→ **DIRECTIONS**:
Reproduce the records below exactly as they appear, omitting any pictures they contain.

** Opening INFORMATION PROVIDED block **

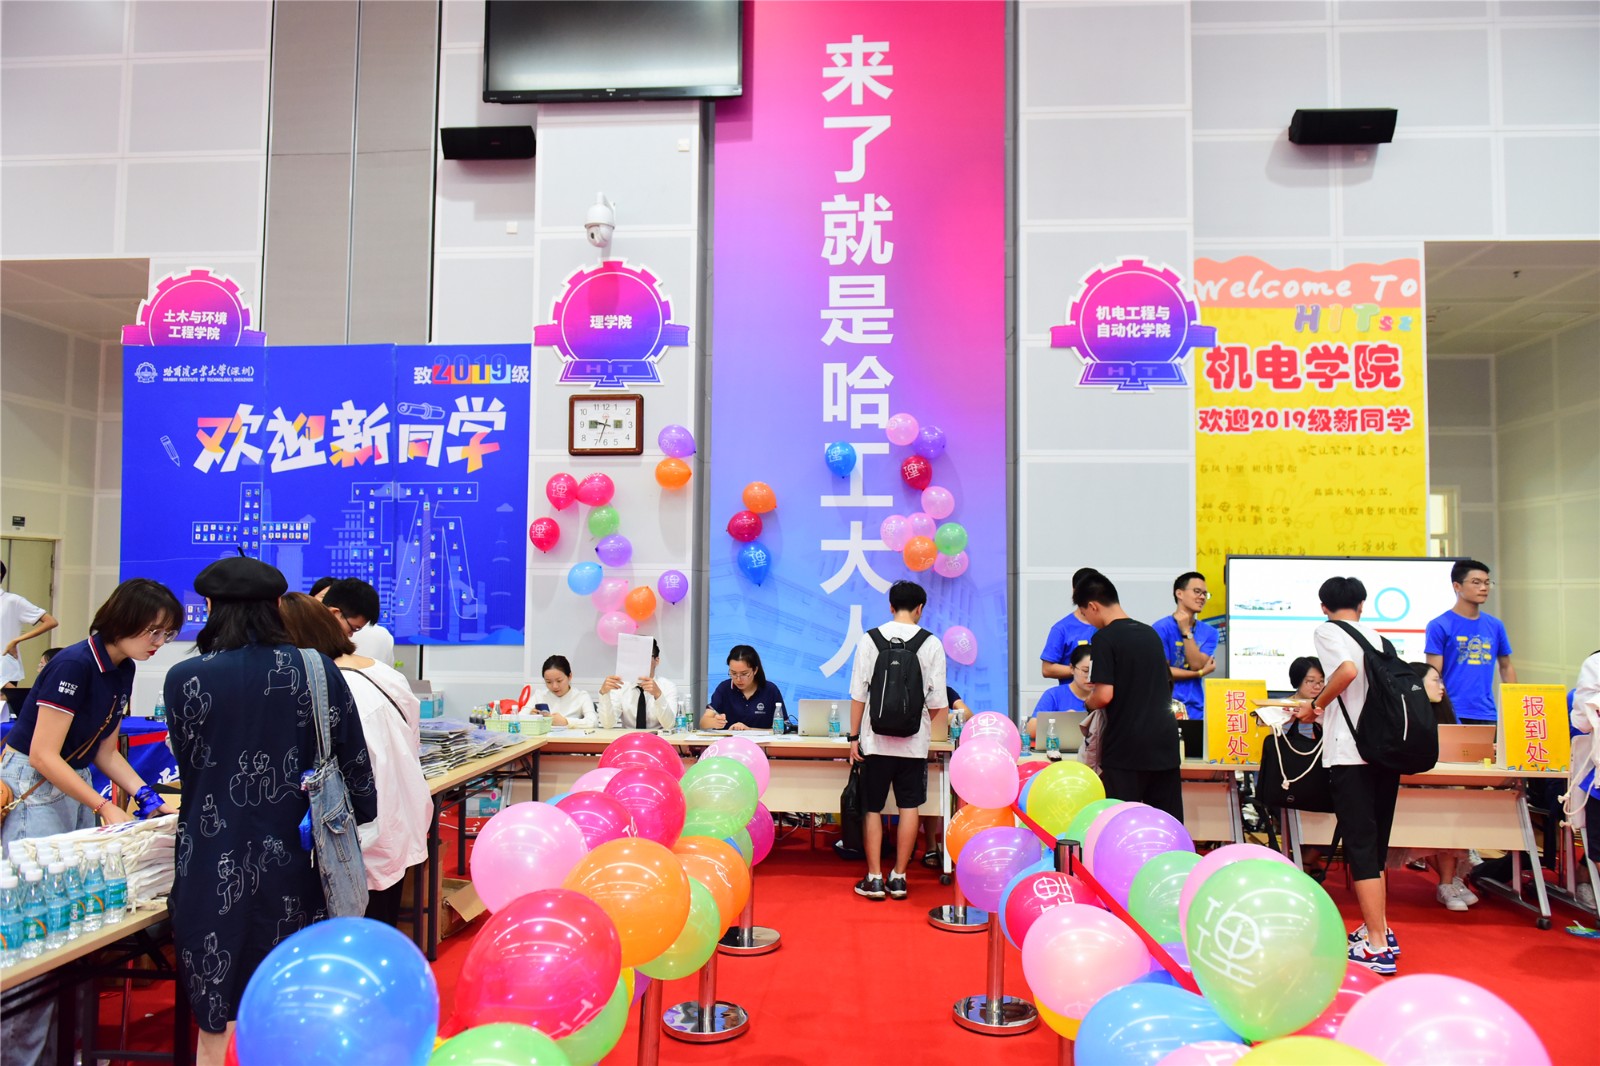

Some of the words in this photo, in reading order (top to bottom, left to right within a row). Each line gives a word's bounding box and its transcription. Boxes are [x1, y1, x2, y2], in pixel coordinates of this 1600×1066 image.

[1370, 274, 1418, 301] To
[162, 309, 228, 325] 土木与环境
[1096, 305, 1171, 321] 机电工程与
[589, 314, 633, 329] 理学院
[168, 325, 220, 340] 工程学院
[1096, 322, 1171, 338] 自动化学院
[413, 353, 530, 385] 致2019级
[585, 364, 633, 374] HIT
[1106, 366, 1158, 377] HIT
[1203, 343, 1403, 391] 机电学院
[580, 408, 588, 416] 10
[593, 403, 599, 411] 11
[602, 403, 610, 411] 12
[614, 403, 618, 411] 1
[625, 408, 631, 416] 2
[628, 421, 633, 429] 3
[1198, 408, 1412, 433] 欢迎2019级新同学
[193, 395, 507, 474] 欢迎新同学
[594, 438, 599, 446] 7
[602, 438, 608, 446] 6
[613, 438, 618, 446] 5
[1225, 690, 1250, 757] 报到处
[1523, 695, 1550, 763] 报到处

** Closing INFORMATION PROVIDED block **

→ **ANSWER TO THE EXERCISE**:
Some of the words in this photo, in reading order (top to bottom, left to right within a row). Each line gives a word's bounding box and its transcription. Boxes are [x1, y1, x2, y2], in pixel coordinates of this 1600×1066 image.

[1370, 274, 1418, 301] To
[162, 309, 228, 325] 土木与环境
[1096, 305, 1171, 321] 机电工程与
[589, 314, 633, 329] 理学院
[168, 325, 220, 340] 工程学院
[1096, 322, 1171, 338] 自动化学院
[413, 353, 530, 385] 致2019级
[585, 364, 633, 374] HIT
[1106, 366, 1158, 377] HIT
[1203, 343, 1403, 391] 机电学院
[580, 408, 588, 416] 10
[593, 403, 599, 411] 11
[602, 403, 610, 411] 12
[614, 403, 618, 411] 1
[625, 408, 631, 416] 2
[628, 421, 633, 429] 3
[1198, 408, 1412, 433] 欢迎2019级新同学
[193, 395, 507, 474] 欢迎新同学
[594, 438, 599, 446] 7
[602, 438, 608, 446] 6
[613, 438, 618, 446] 5
[1225, 690, 1250, 757] 报到处
[1523, 695, 1550, 763] 报到处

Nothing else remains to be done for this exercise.